Start of Data to examine
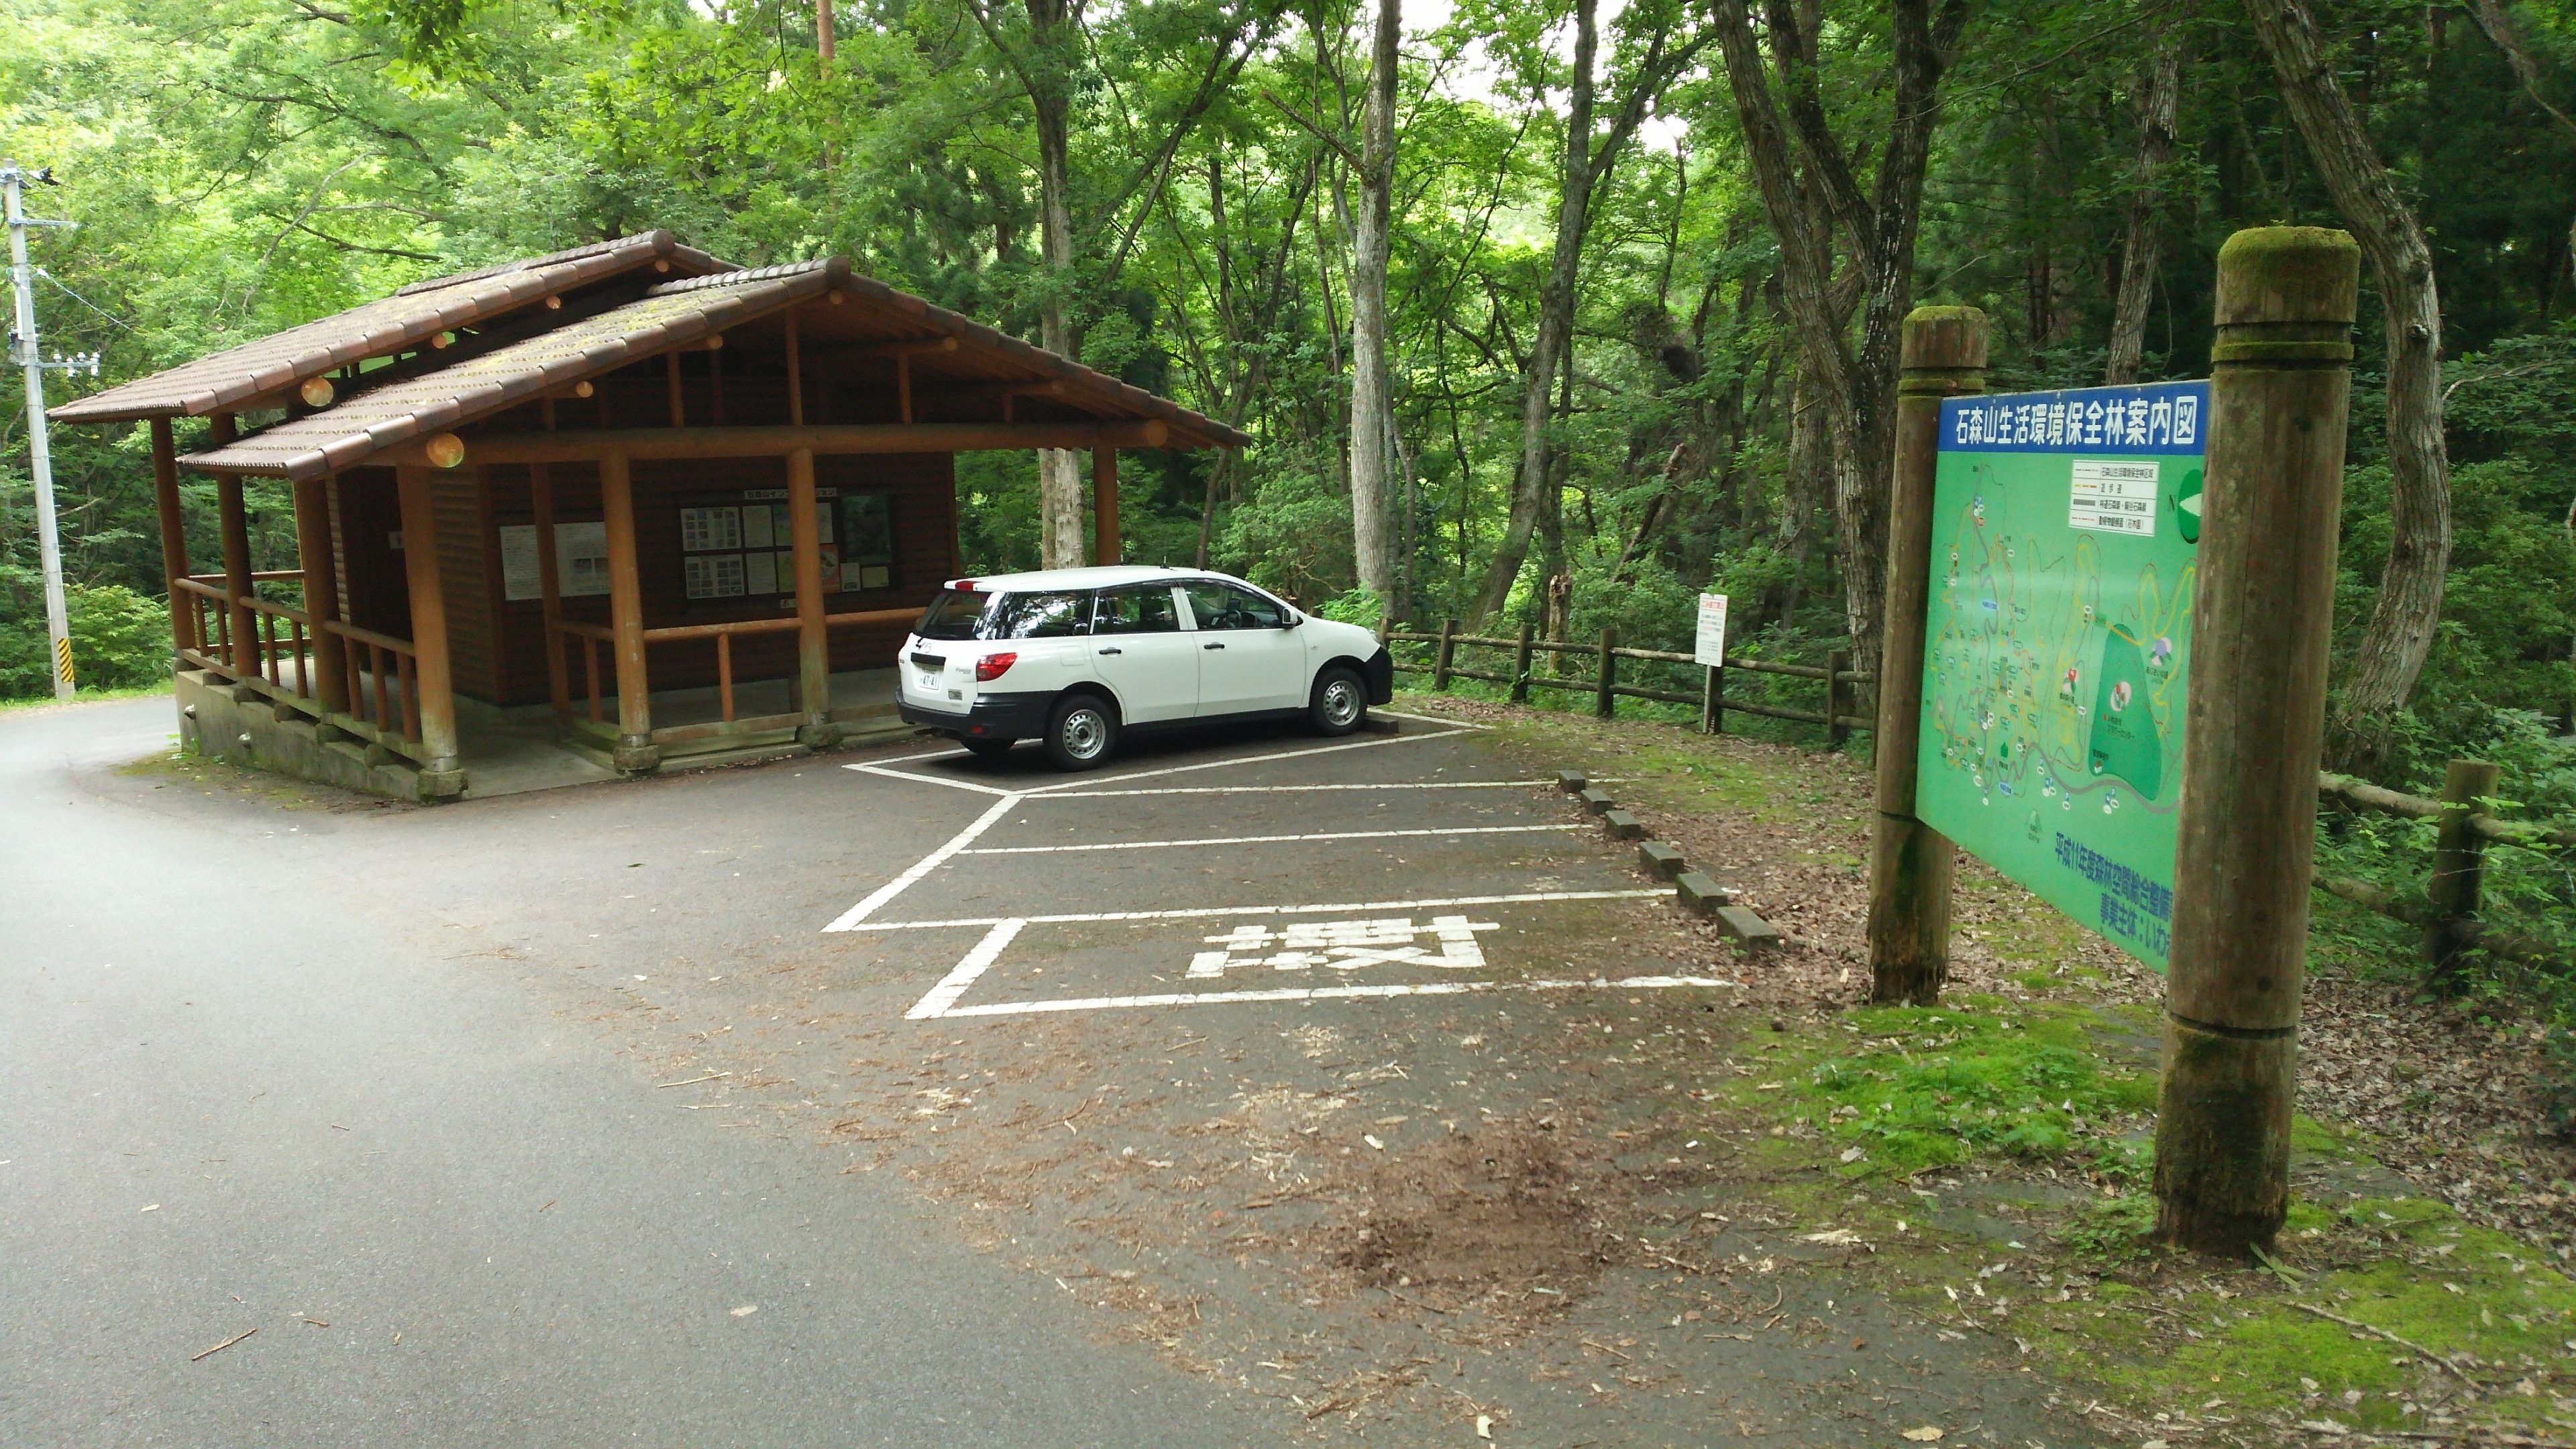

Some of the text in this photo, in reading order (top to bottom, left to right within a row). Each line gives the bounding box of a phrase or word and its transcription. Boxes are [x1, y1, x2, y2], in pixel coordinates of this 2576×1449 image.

[1955, 396, 2198, 445] 石森山生活環境保全林案内図
[1185, 915, 1501, 979] 軽
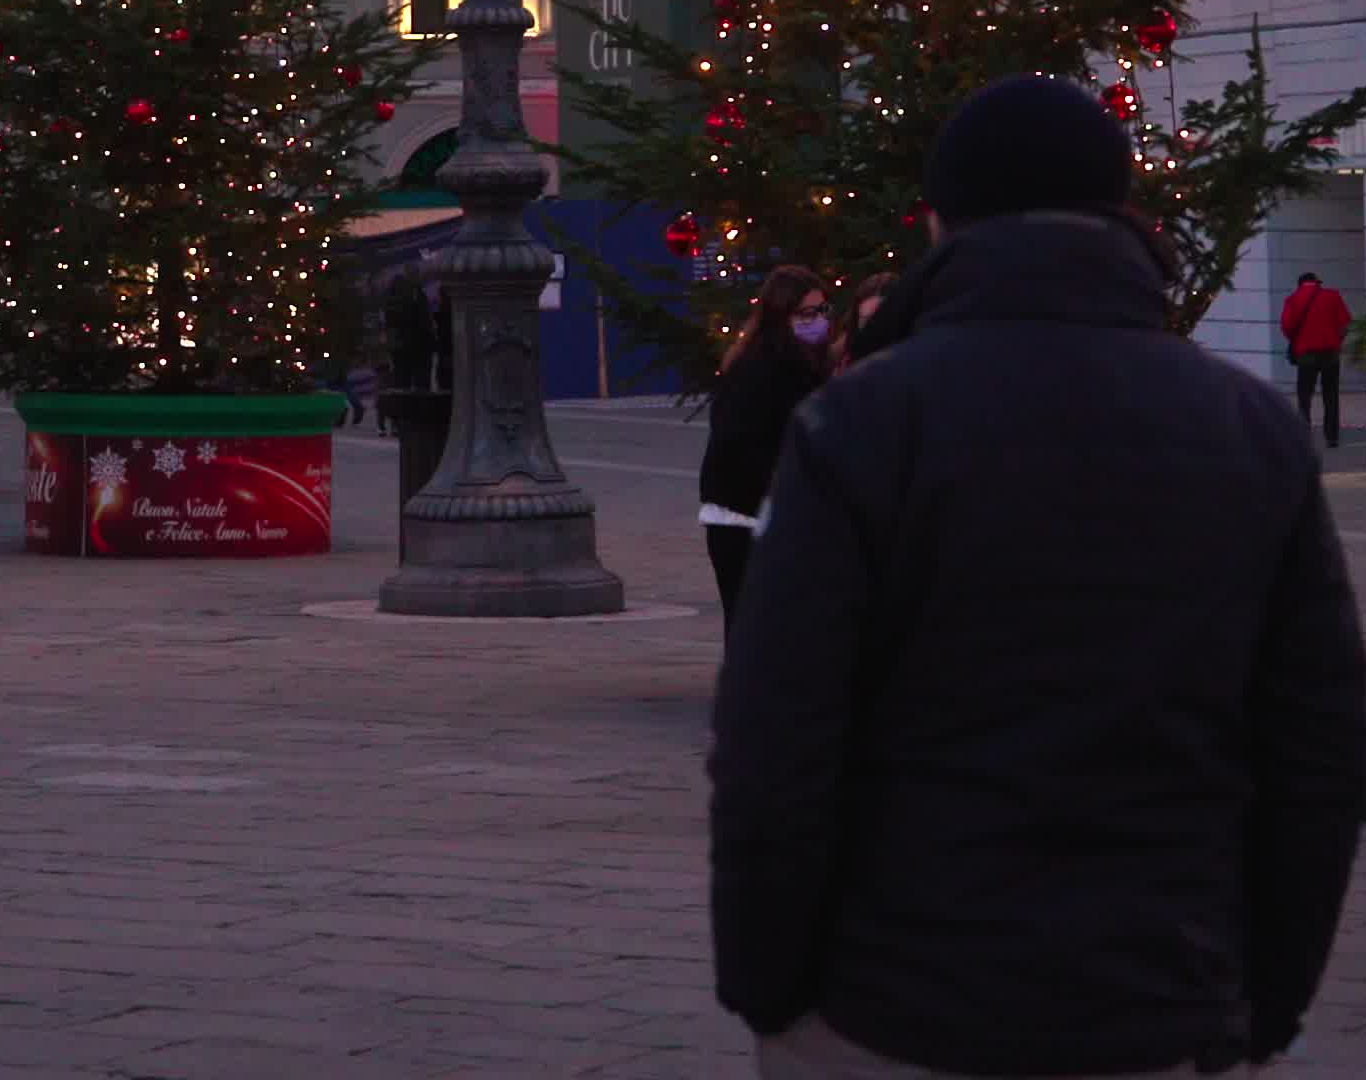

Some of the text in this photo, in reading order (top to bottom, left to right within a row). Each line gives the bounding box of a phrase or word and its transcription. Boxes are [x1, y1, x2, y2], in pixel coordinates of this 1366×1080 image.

[132, 496, 227, 518] Buon Natale
[156, 520, 205, 542] Felice
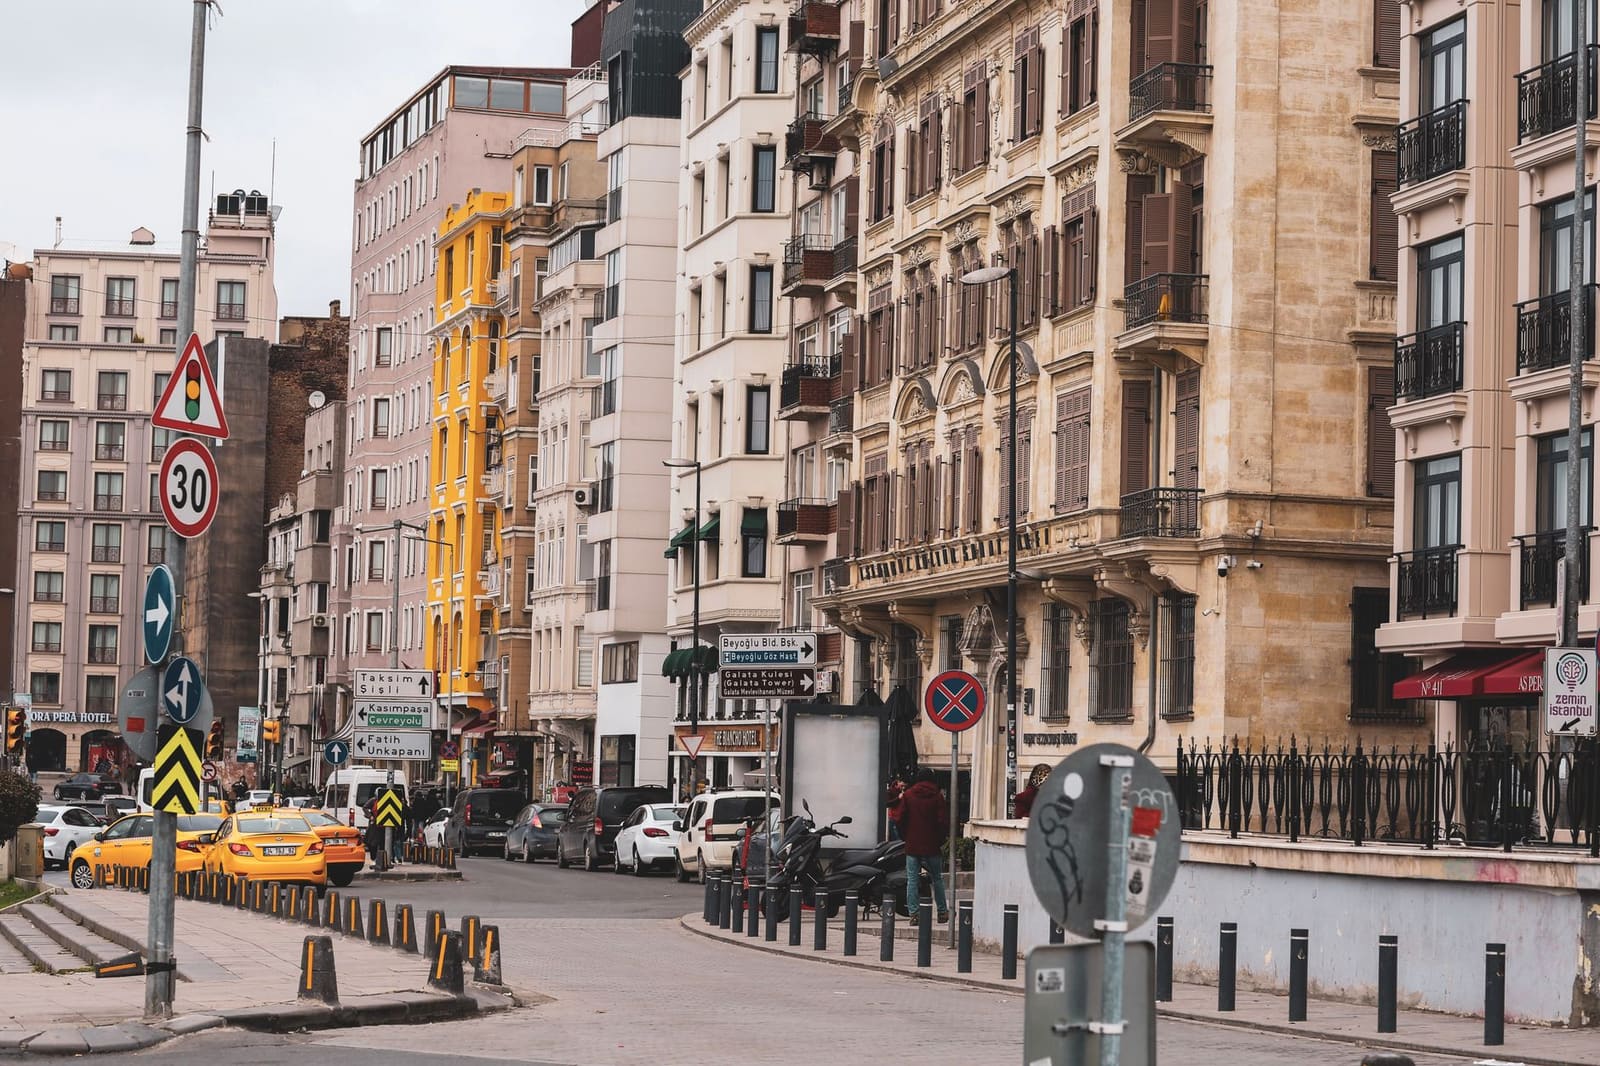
End of Data to examine
- [Problem statement] Retype the whole of the data verbatim. Skip every picture.

- [Response area]
Some of the text in this photo, in reading order (top to bottom, left to right within a row). Each line gives the bounding box of a phrase or word and its transcription. Boxes are [x1, y1, x2, y2], in pixel coordinates of this 2576×1449 image.

[1955, 396, 2198, 445] 石森山生活環境保全林案内図
[1185, 915, 1501, 979] 軽

Some of the text in this photo, in reading order (top to bottom, left to right within a row). Each line gives the bounding box of a phrase or word and its transcription. Boxes are [x1, y1, x2, y2], in pixel coordinates of this 1366×1080 image.

[132, 496, 227, 518] Buon Natale
[156, 520, 205, 542] Felice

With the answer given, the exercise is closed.